I scheduled my first stage check for this afternoon. The stage check consists of an oral knowledge test and flight test given by a senior instructor consisting of all of the maneuvers that I've learned so far, a 3-4 hour ordeal in total. If I pass, I'll be allowed to make solo flights into the practice area (around Warrenton and Culpeper).

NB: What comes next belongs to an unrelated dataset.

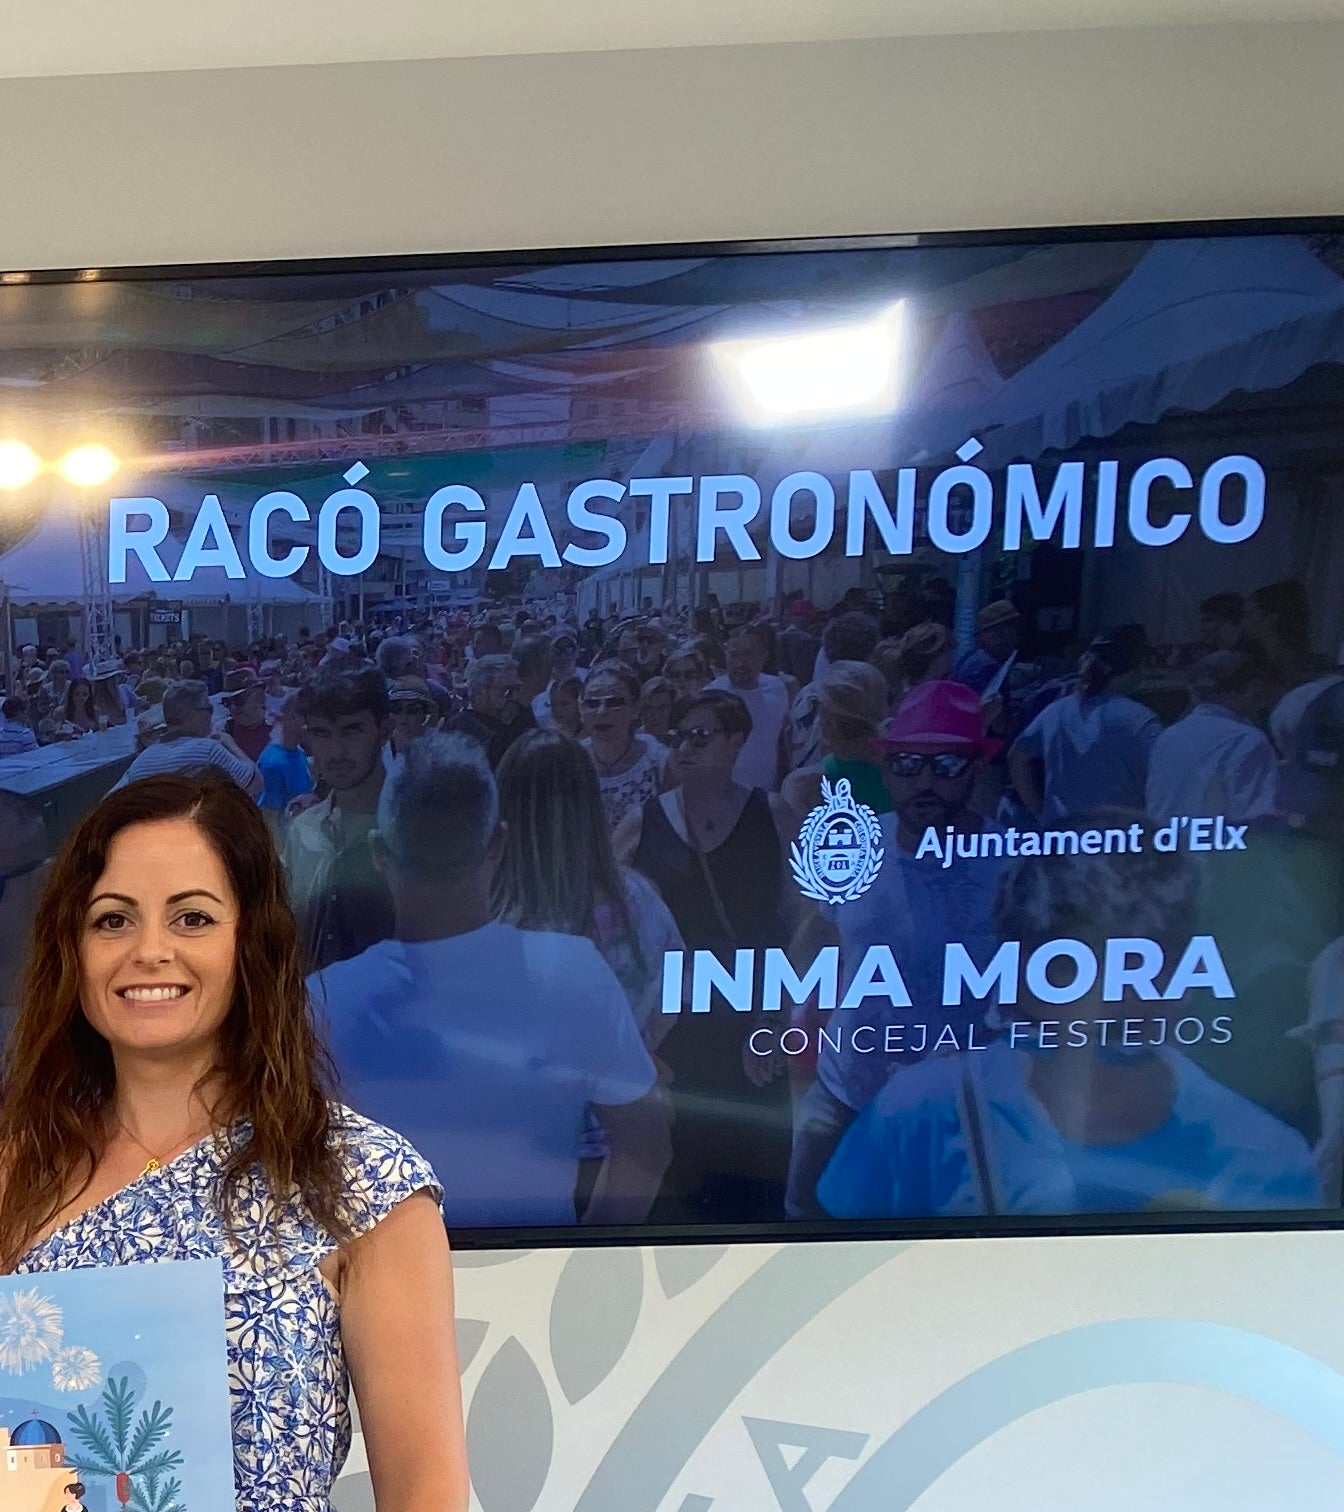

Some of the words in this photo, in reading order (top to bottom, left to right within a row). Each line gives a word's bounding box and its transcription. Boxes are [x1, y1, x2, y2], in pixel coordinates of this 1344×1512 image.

I had been watching the weather all last night and this morning. The area conditions were all marginal VFR with a scattered cloud layer at 1500 feet and a 2500 foot overcast layer above. Some of the maneuvers, like stalls and steep turns, are usually done at 3000-4000 feet MSL, but the requirement is at least 1500 feet above ground (AGL). The 1800 UTC forecasts showed the overcast layer increasing to 4000 feet, which would support the check flight. I hadn't gotten any phone calls, so I took off work a little after 12pm and drove to the airport. I like to give myself plenty of time in advance of the lesson to check the weather, file flight plans, and preflight the airplane--I'm definitely not my best in a rush and I was going to be graded on this stuff, after all. So I wasn't too surprised that I got the phone call canceling the flight while sitting at the weather terminal in the FBO.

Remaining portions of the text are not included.